• **WHAT IS BEING ASKED**
Provide a verbatim copy of all the records below, leaving the images out.

• **DATASET RECORDS**

========================================================================

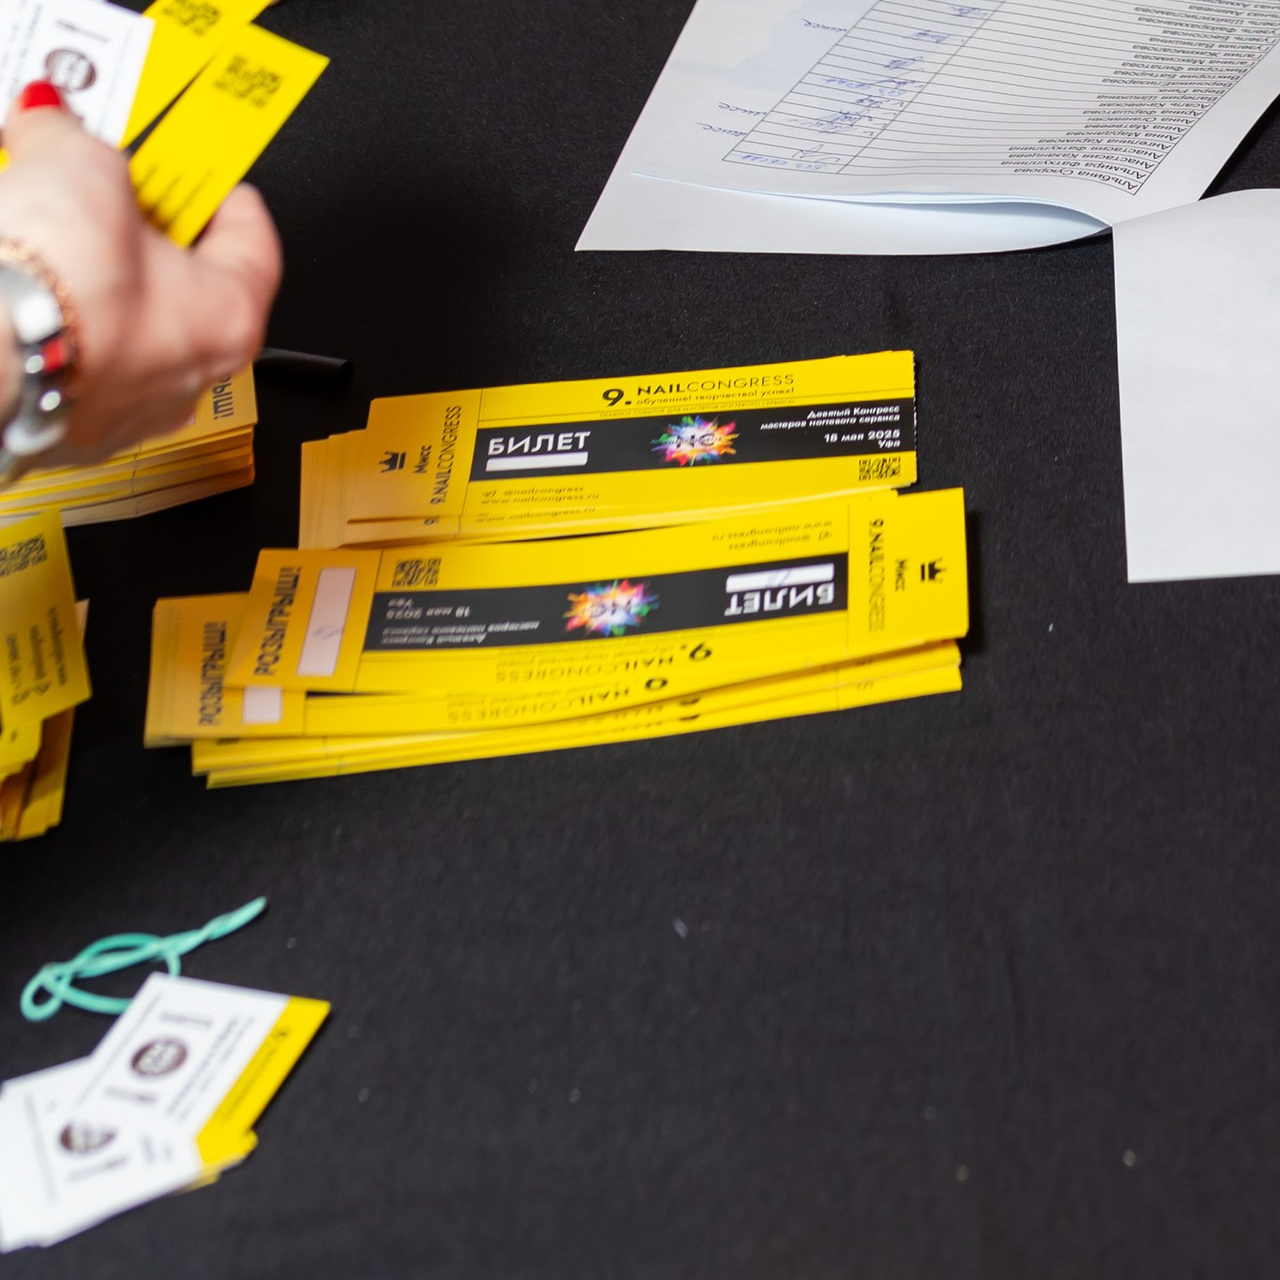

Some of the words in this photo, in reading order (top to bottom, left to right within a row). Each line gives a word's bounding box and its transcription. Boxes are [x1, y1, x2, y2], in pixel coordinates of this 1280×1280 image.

[1133, 53, 1205, 64] Максимова
[1159, 93, 1217, 102] Валерия
[1190, 87, 1225, 95] Вера
[1144, 132, 1178, 140] Анна
[1152, 124, 1186, 132] Анна
[1106, 137, 1171, 150] Ангелина
[1089, 144, 1163, 160] Анастасия
[1082, 154, 1153, 168] Анастасия
[1084, 162, 1146, 178] Альмира
[1077, 169, 1137, 191] Альбина
[637, 374, 794, 396] NAILCONGRESS
[637, 393, 692, 407] обучение!
[807, 408, 850, 420] Девятый
[853, 405, 900, 417] Конгресс
[760, 418, 806, 430] мастеров
[809, 416, 856, 428] ногтевого
[859, 413, 900, 425] сервиса
[488, 431, 591, 456] БИЛЕТ
[841, 432, 864, 442] мая
[868, 430, 900, 440] 2025
[878, 439, 900, 450] Уфа
[414, 445, 432, 474] Мисс
[430, 405, 462, 505] 9.NAILCONGRESS
[724, 582, 834, 616] БИЛЕТ
[254, 566, 302, 676] РОЗЫГРЫШ!
[199, 620, 227, 726] РОЗЫГРЫШ!
[496, 654, 673, 683] NAILCONGRESS
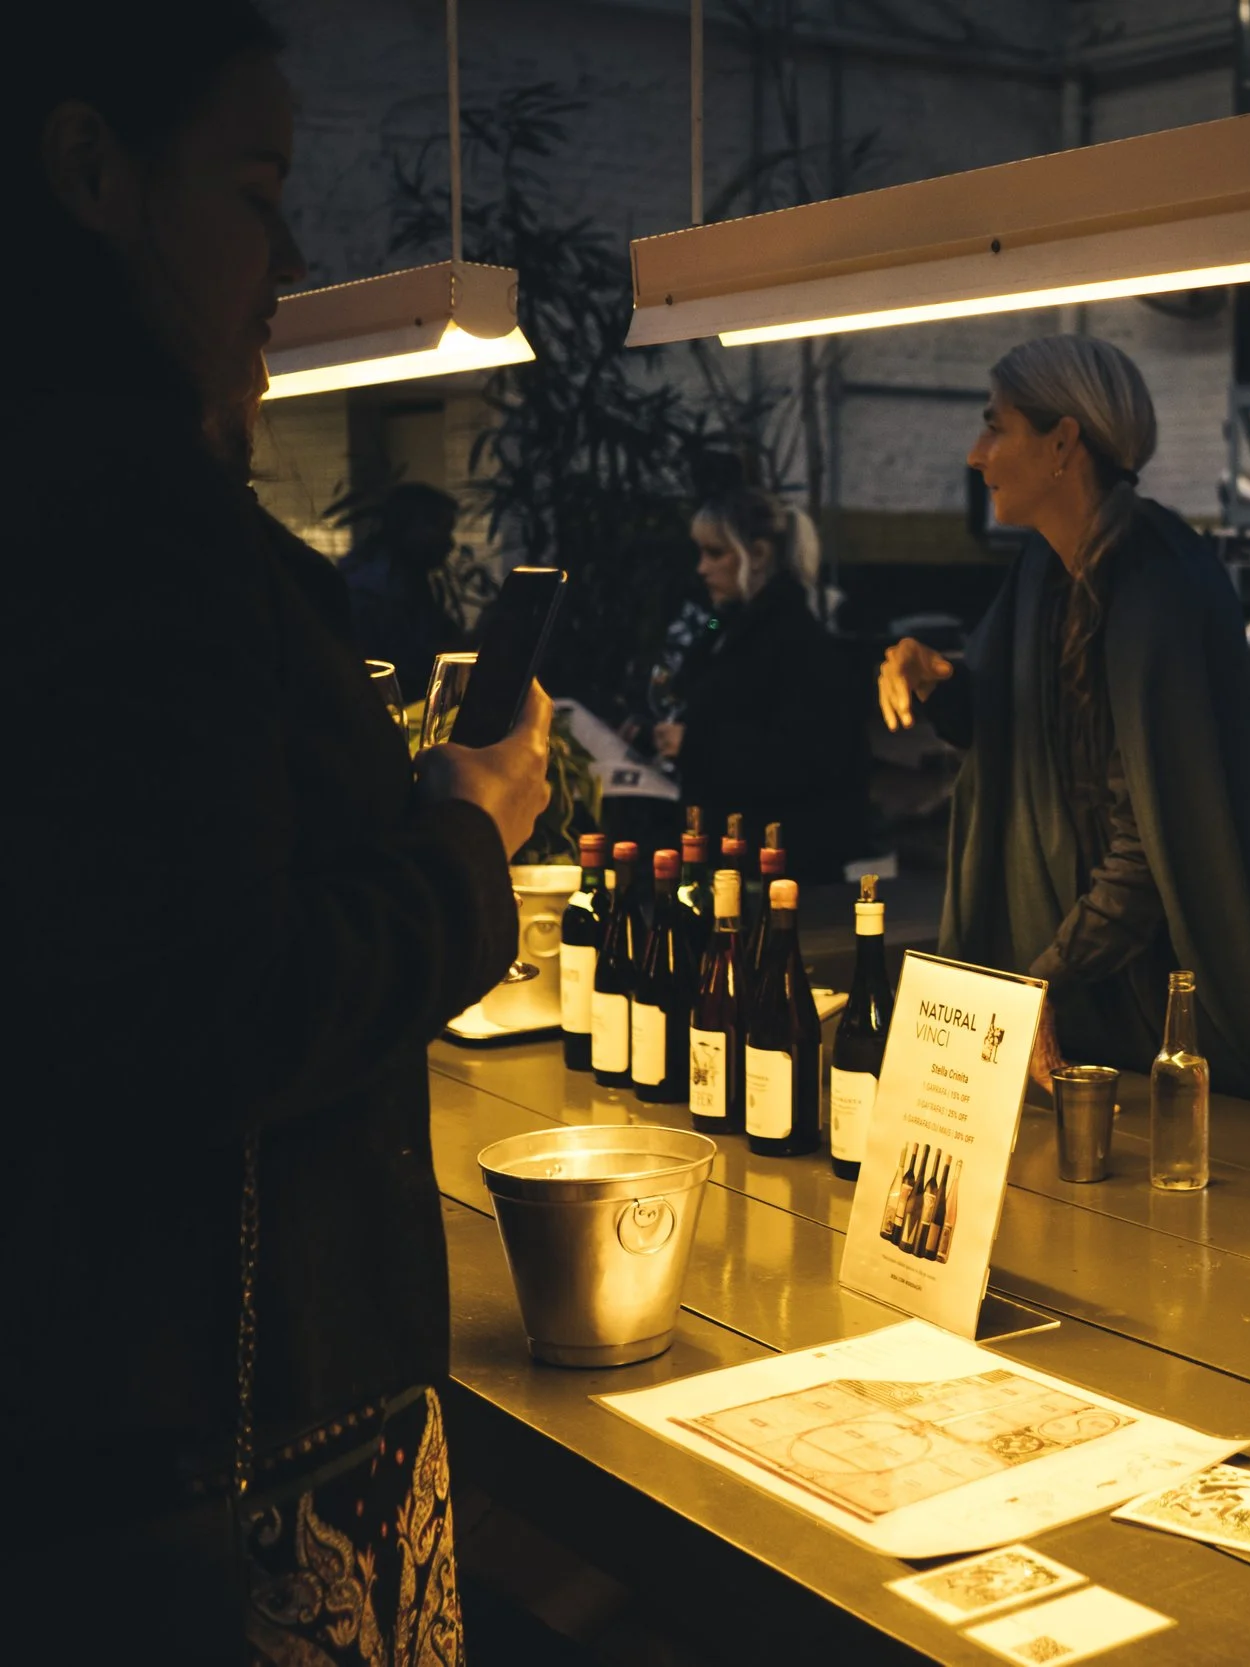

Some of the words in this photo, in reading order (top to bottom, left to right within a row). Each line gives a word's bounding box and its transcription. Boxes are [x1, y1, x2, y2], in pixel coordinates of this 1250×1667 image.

[919, 999, 977, 1032] NATURAL
[916, 1020, 950, 1048] VINCI
[931, 1063, 948, 1078] Stella
[948, 1068, 969, 1084] Crinita
[951, 1090, 960, 1101] 15%
[960, 1093, 971, 1103] OFF
[947, 1108, 957, 1119] 25%
[958, 1112, 968, 1122] OFF
[964, 1134, 975, 1144] OFF
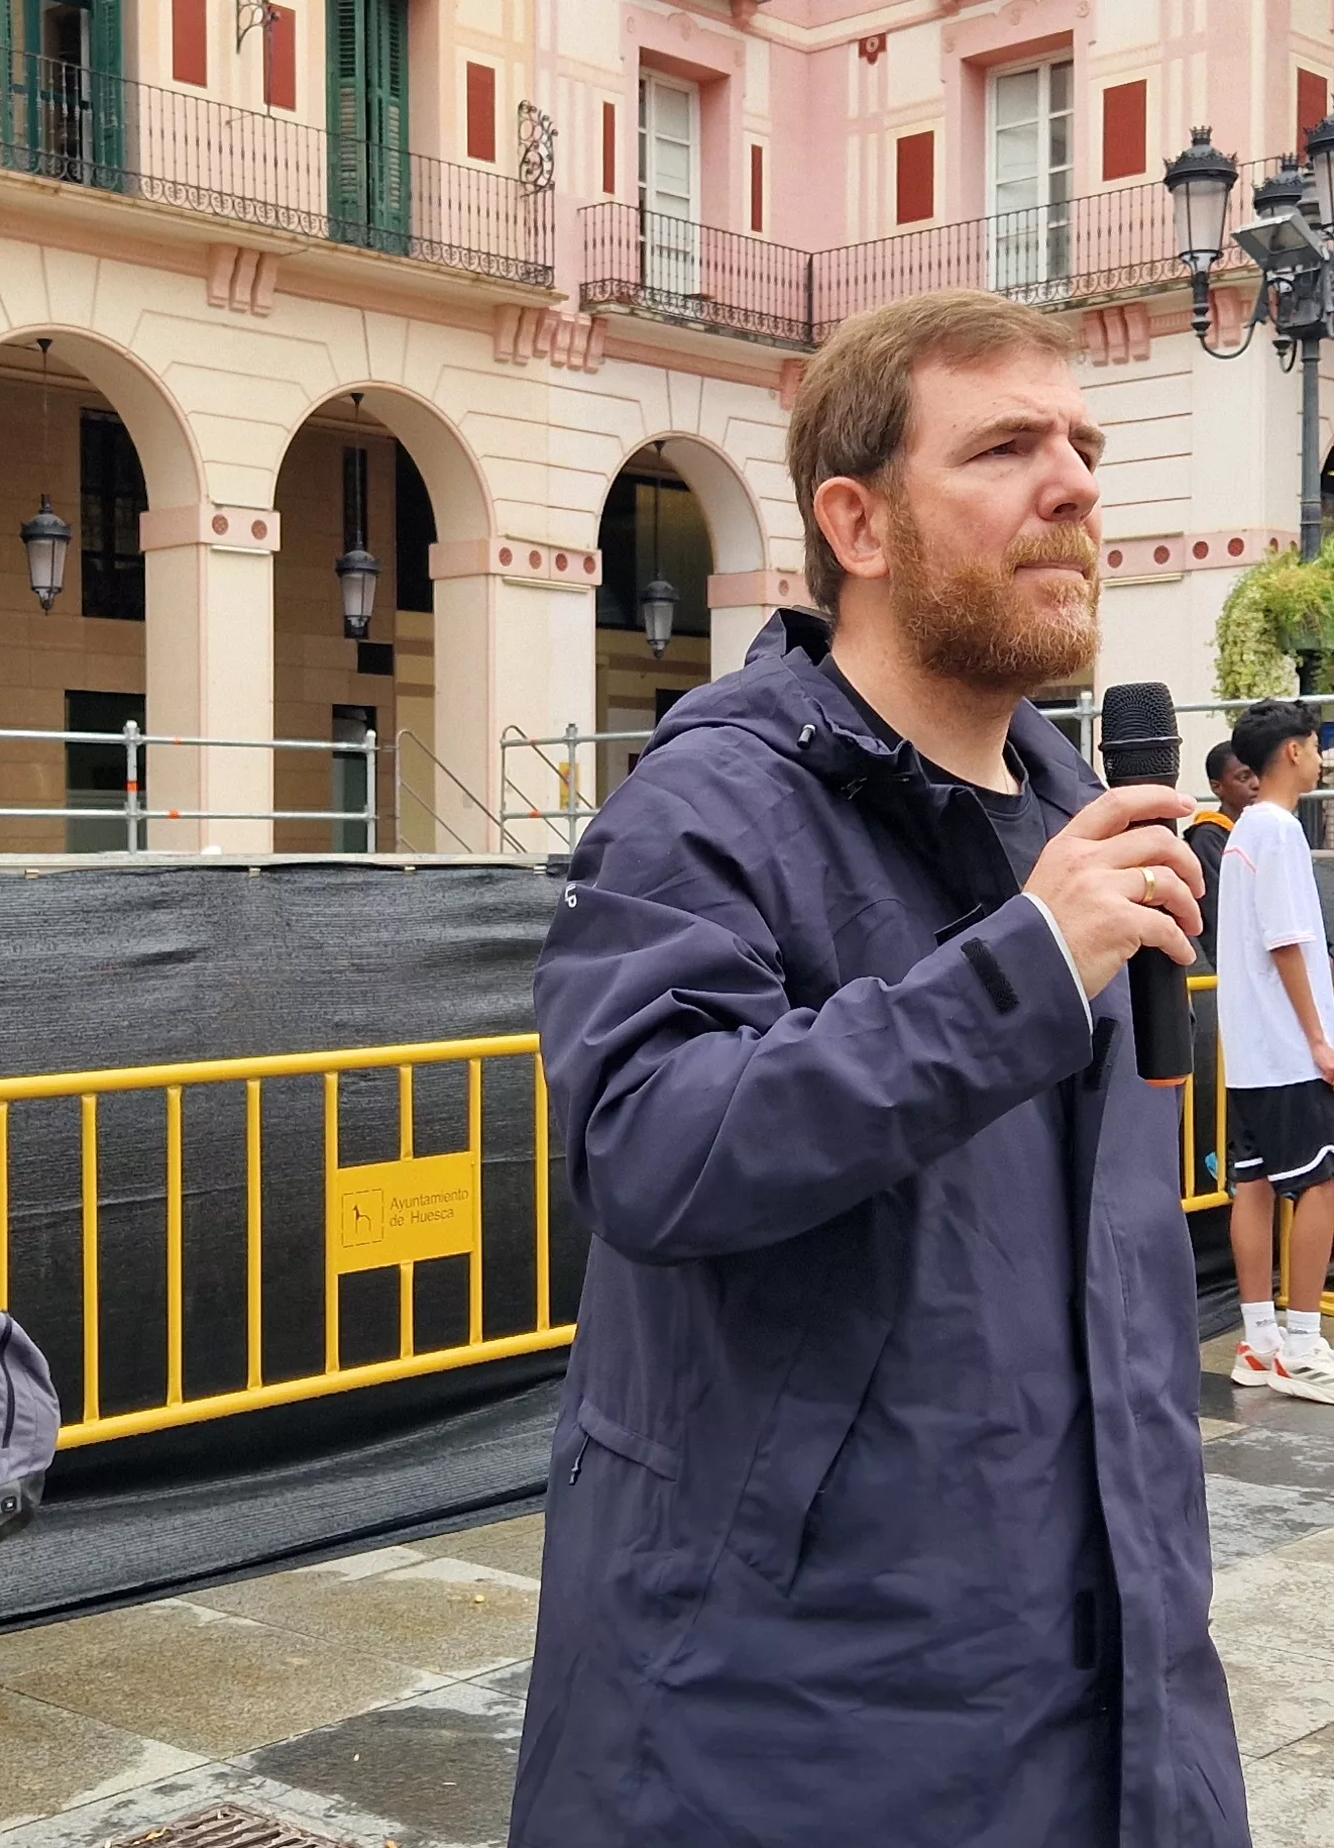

========================================================================

• **RESPONSE**
Some of the words in this photo, in reading order (top to bottom, left to right within a row). Each line gives a word's bounding box and its transcription. Boxes are [x1, y1, x2, y2], in pixel coordinates of this 1280×1280 image.

[1133, 53, 1205, 64] Максимова
[1159, 93, 1217, 102] Валерия
[1190, 87, 1225, 95] Вера
[1144, 132, 1178, 140] Анна
[1152, 124, 1186, 132] Анна
[1106, 137, 1171, 150] Ангелина
[1089, 144, 1163, 160] Анастасия
[1082, 154, 1153, 168] Анастасия
[1084, 162, 1146, 178] Альмира
[1077, 169, 1137, 191] Альбина
[637, 374, 794, 396] NAILCONGRESS
[637, 393, 692, 407] обучение!
[807, 408, 850, 420] Девятый
[853, 405, 900, 417] Конгресс
[760, 418, 806, 430] мастеров
[809, 416, 856, 428] ногтевого
[859, 413, 900, 425] сервиса
[488, 431, 591, 456] БИЛЕТ
[841, 432, 864, 442] мая
[868, 430, 900, 440] 2025
[878, 439, 900, 450] Уфа
[414, 445, 432, 474] Мисс
[430, 405, 462, 505] 9.NAILCONGRESS
[724, 582, 834, 616] БИЛЕТ
[254, 566, 302, 676] РОЗЫГРЫШ!
[199, 620, 227, 726] РОЗЫГРЫШ!
[496, 654, 673, 683] NAILCONGRESS

Some of the words in this photo, in reading order (top to bottom, left to right within a row). Each line gives a word's bounding box and its transcription. Boxes are [x1, y1, x2, y2], in pixel coordinates of this 1250×1667 image.

[919, 999, 977, 1032] NATURAL
[916, 1020, 950, 1048] VINCI
[931, 1063, 948, 1078] Stella
[948, 1068, 969, 1084] Crinita
[951, 1090, 960, 1101] 15%
[960, 1093, 971, 1103] OFF
[947, 1108, 957, 1119] 25%
[958, 1112, 968, 1122] OFF
[964, 1134, 975, 1144] OFF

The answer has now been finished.